## Work task
What you return should match the data below exactly, with no pictures in it.

»»

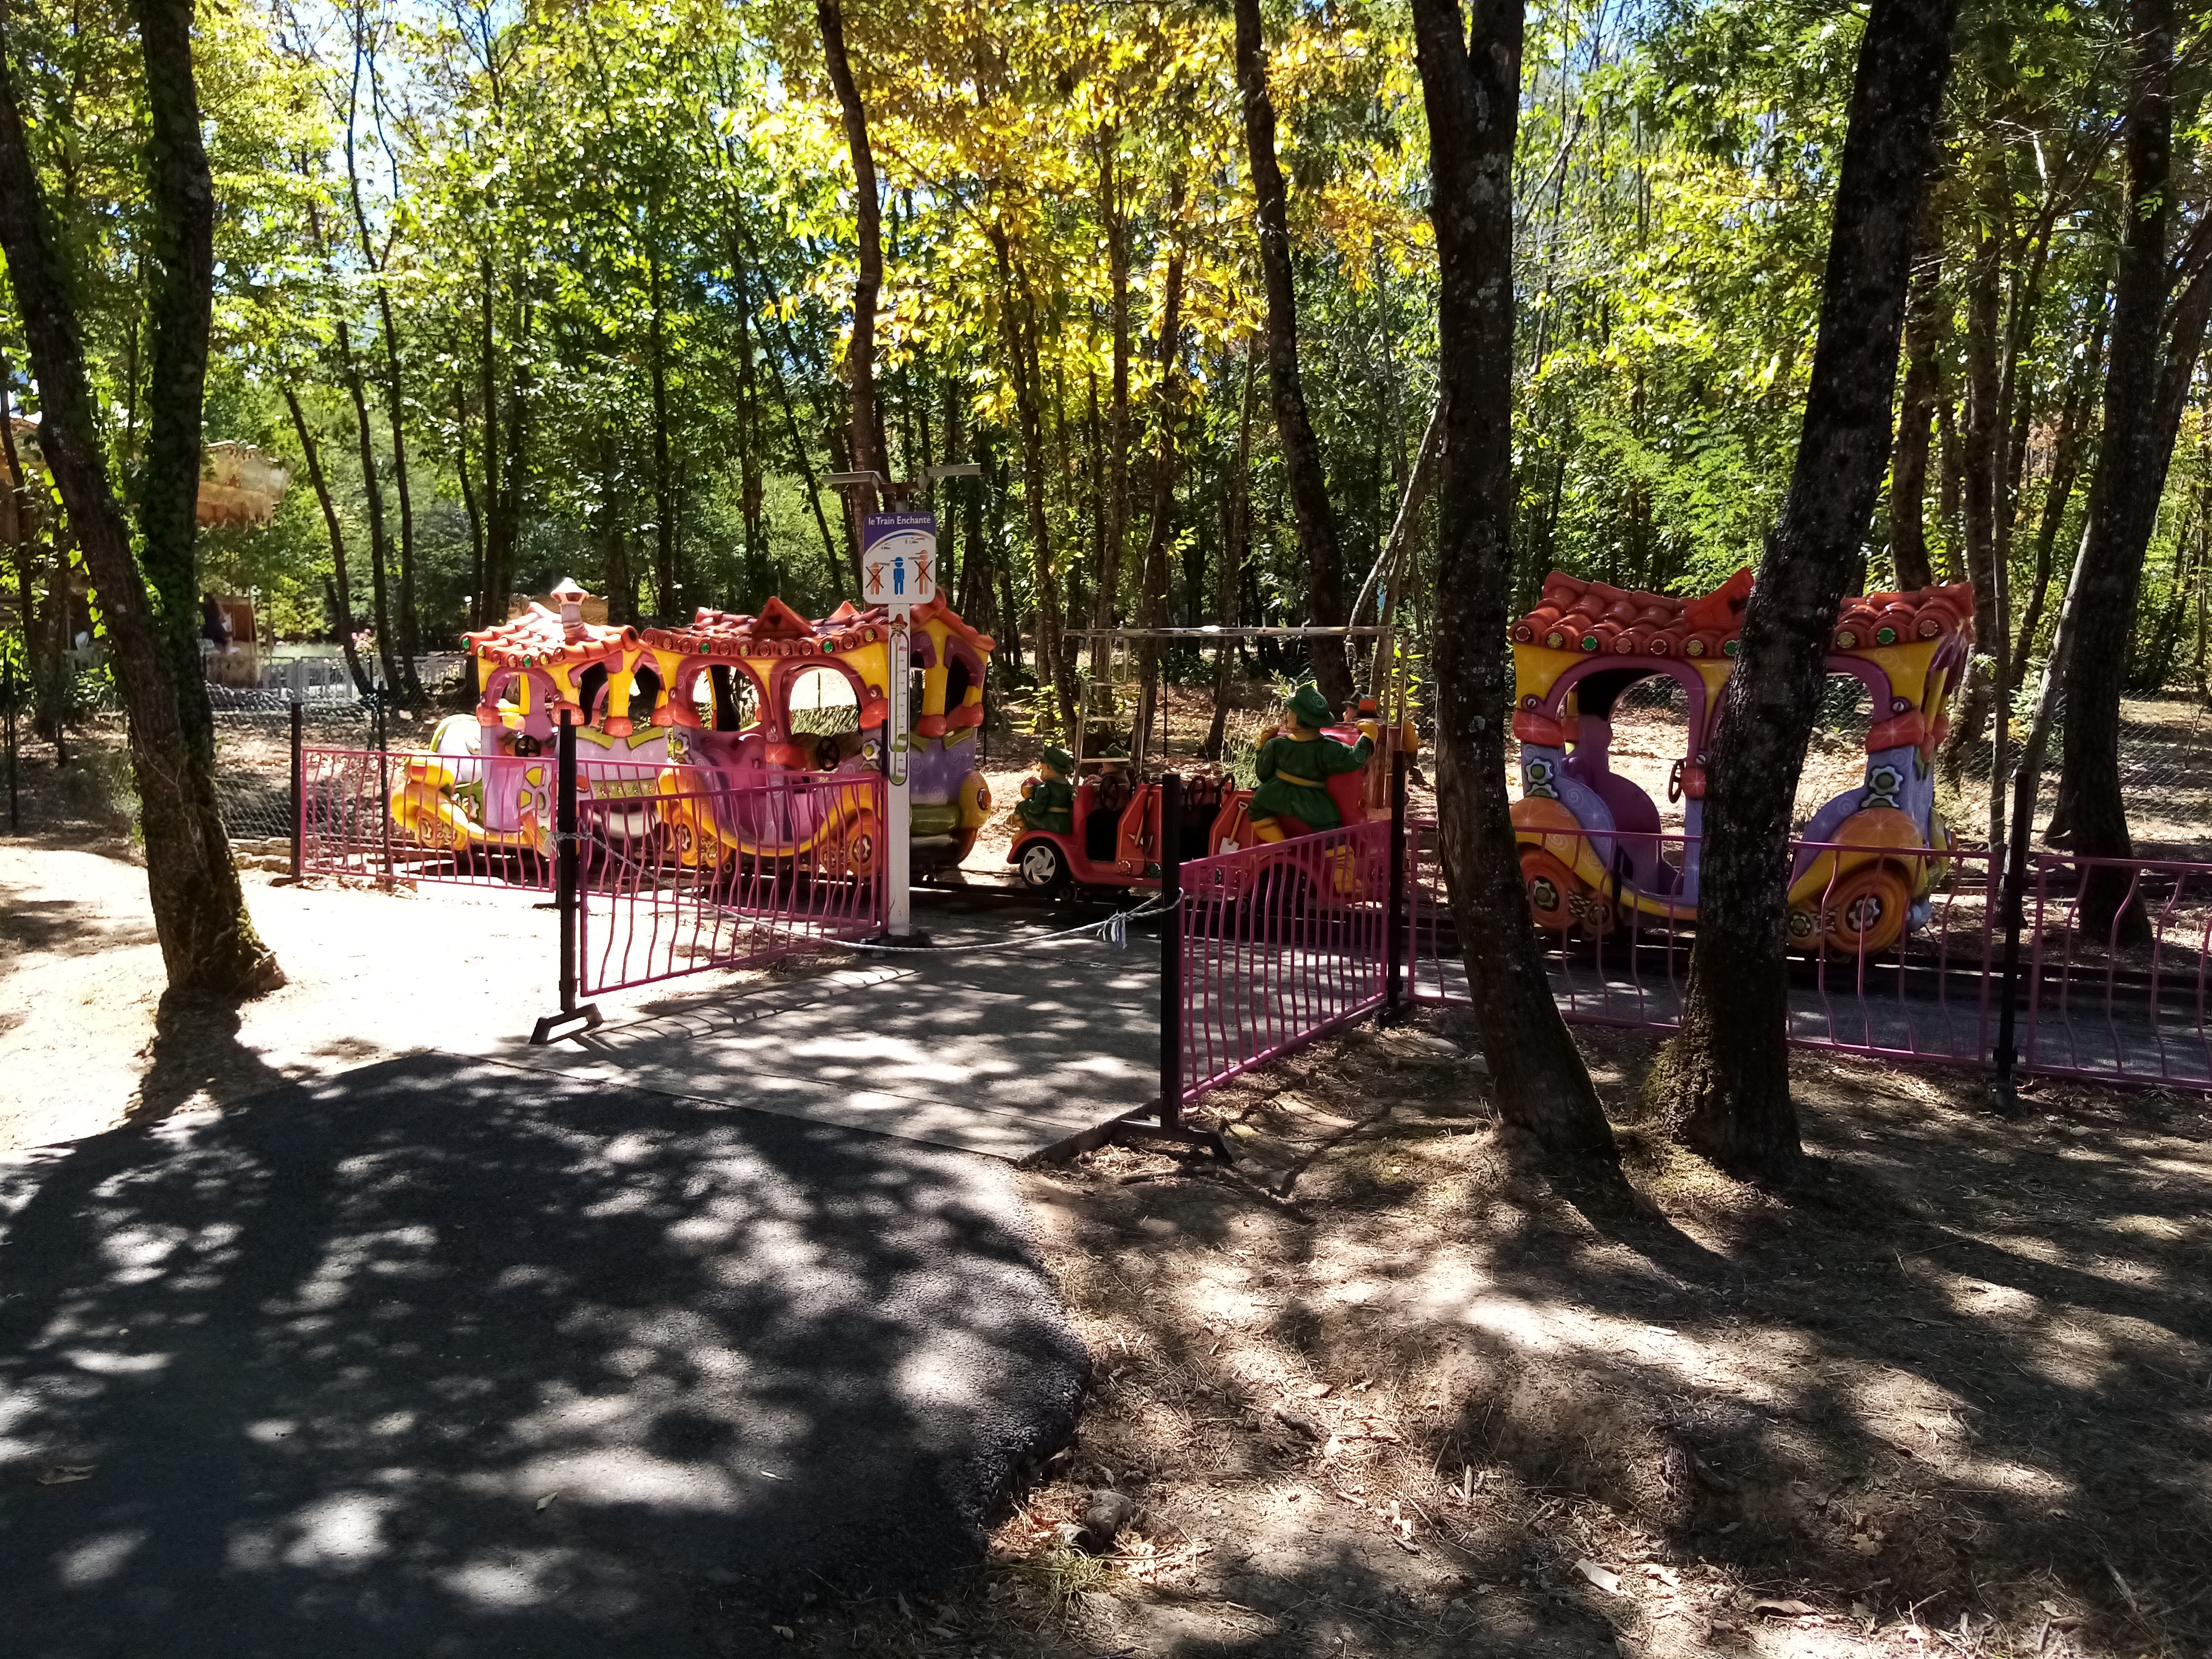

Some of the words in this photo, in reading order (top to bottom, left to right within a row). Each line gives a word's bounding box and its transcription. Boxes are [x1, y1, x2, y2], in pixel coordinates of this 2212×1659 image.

[868, 517, 875, 525] le
[876, 516, 894, 525] Train
[896, 515, 931, 525] Enchanté
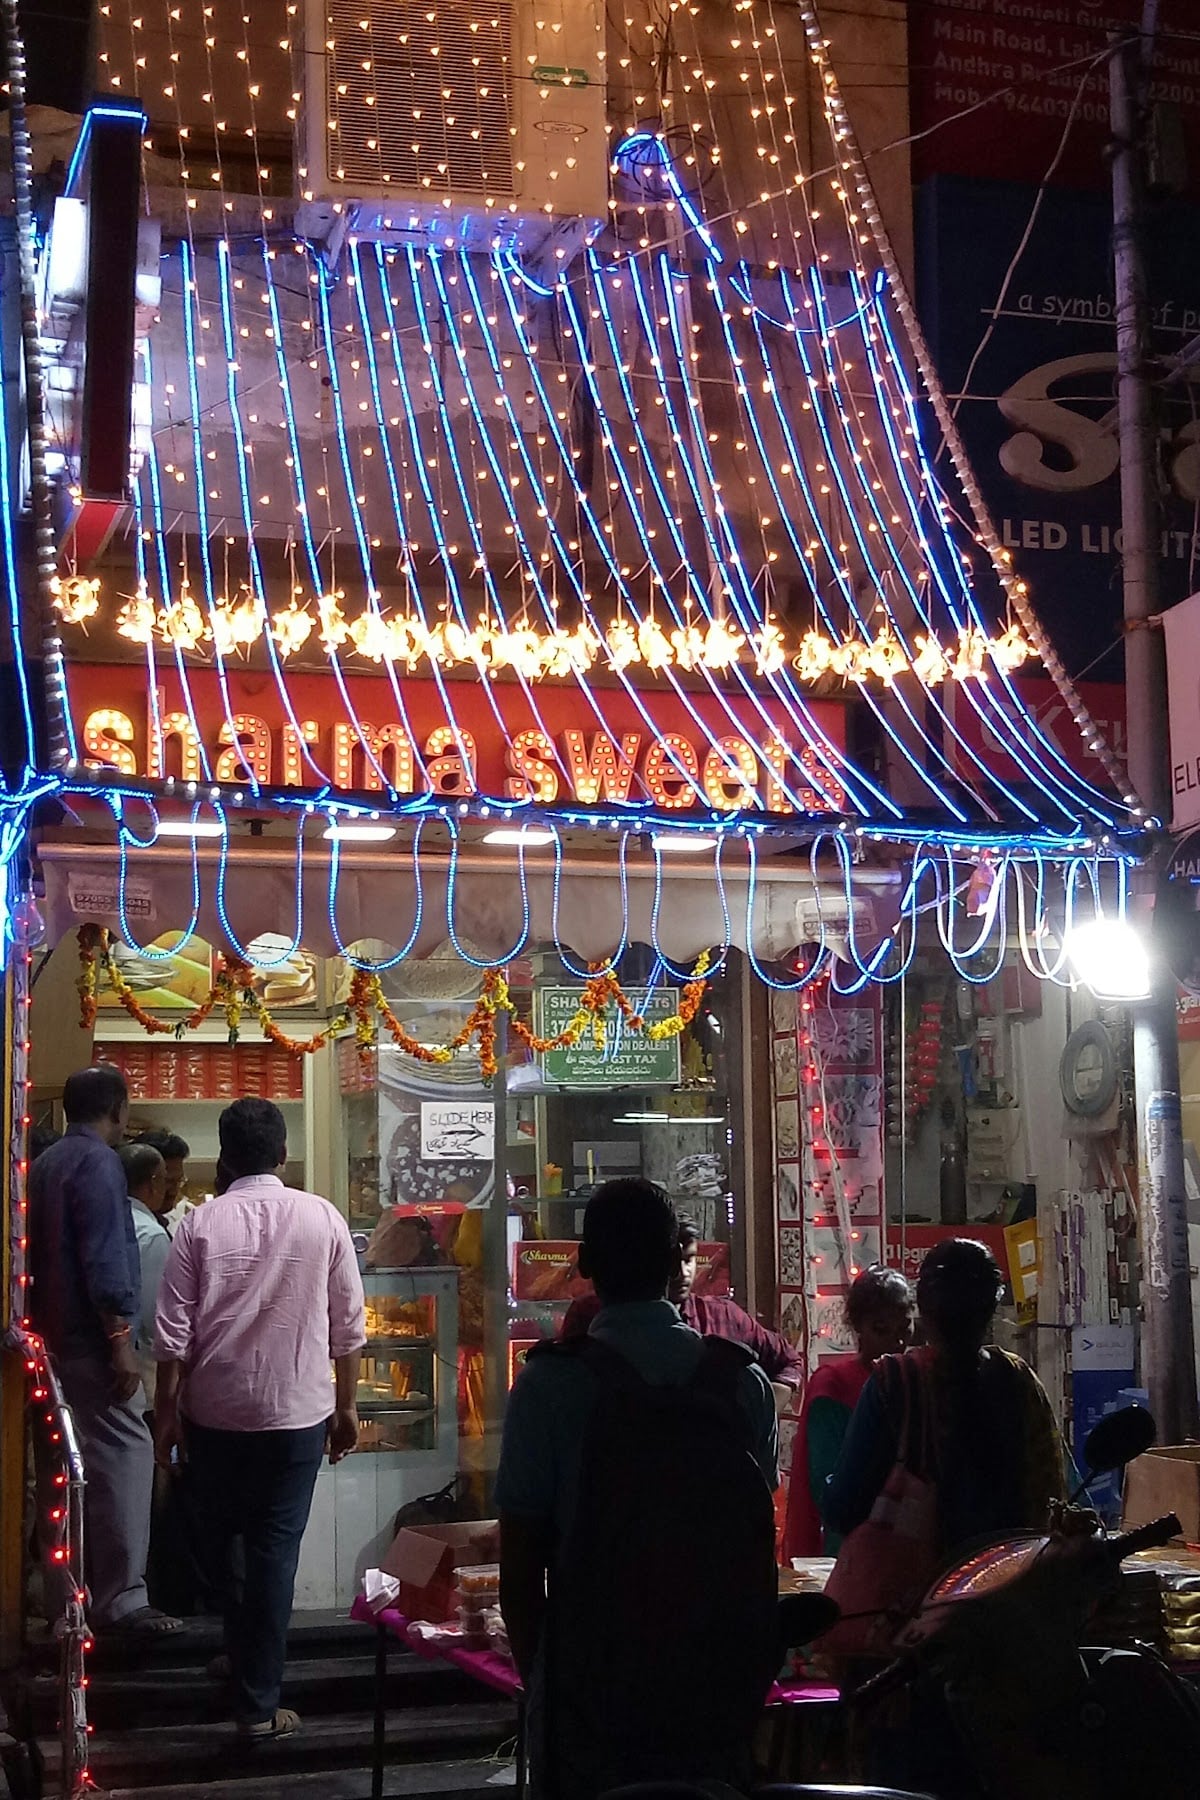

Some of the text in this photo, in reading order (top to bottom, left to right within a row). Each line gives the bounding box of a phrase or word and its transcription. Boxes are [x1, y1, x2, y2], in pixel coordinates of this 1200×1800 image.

[934, 18, 986, 45] Main
[993, 28, 1053, 56] Road,
[934, 50, 1015, 80] Andhra
[1018, 293, 1033, 312] a
[1042, 294, 1119, 326] symb
[1002, 518, 1200, 560] LED LIT
[82, 684, 846, 814] sharma sweets
[551, 996, 671, 1009] SHA EETS
[611, 1054, 657, 1064] GST TAX
[430, 1112, 468, 1126] SLIDE
[527, 1250, 569, 1261] Sharma

««

## Exercise response
Some of the words in this photo, in reading order (top to bottom, left to right within a row). Each line gives a word's bounding box and its transcription. Boxes are [x1, y1, x2, y2], in pixel coordinates of this 2212×1659 image.

[868, 517, 875, 525] le
[876, 516, 894, 525] Train
[896, 515, 931, 525] Enchanté

Some of the text in this photo, in reading order (top to bottom, left to right within a row). Each line gives the bounding box of a phrase or word and its transcription. Boxes are [x1, y1, x2, y2], in pixel coordinates of this 1200×1800 image.

[934, 18, 986, 45] Main
[993, 28, 1053, 56] Road,
[934, 50, 1015, 80] Andhra
[1018, 293, 1033, 312] a
[1042, 294, 1119, 326] symb
[1002, 518, 1200, 560] LED LIT
[82, 684, 846, 814] sharma sweets
[551, 996, 671, 1009] SHA EETS
[611, 1054, 657, 1064] GST TAX
[430, 1112, 468, 1126] SLIDE
[527, 1250, 569, 1261] Sharma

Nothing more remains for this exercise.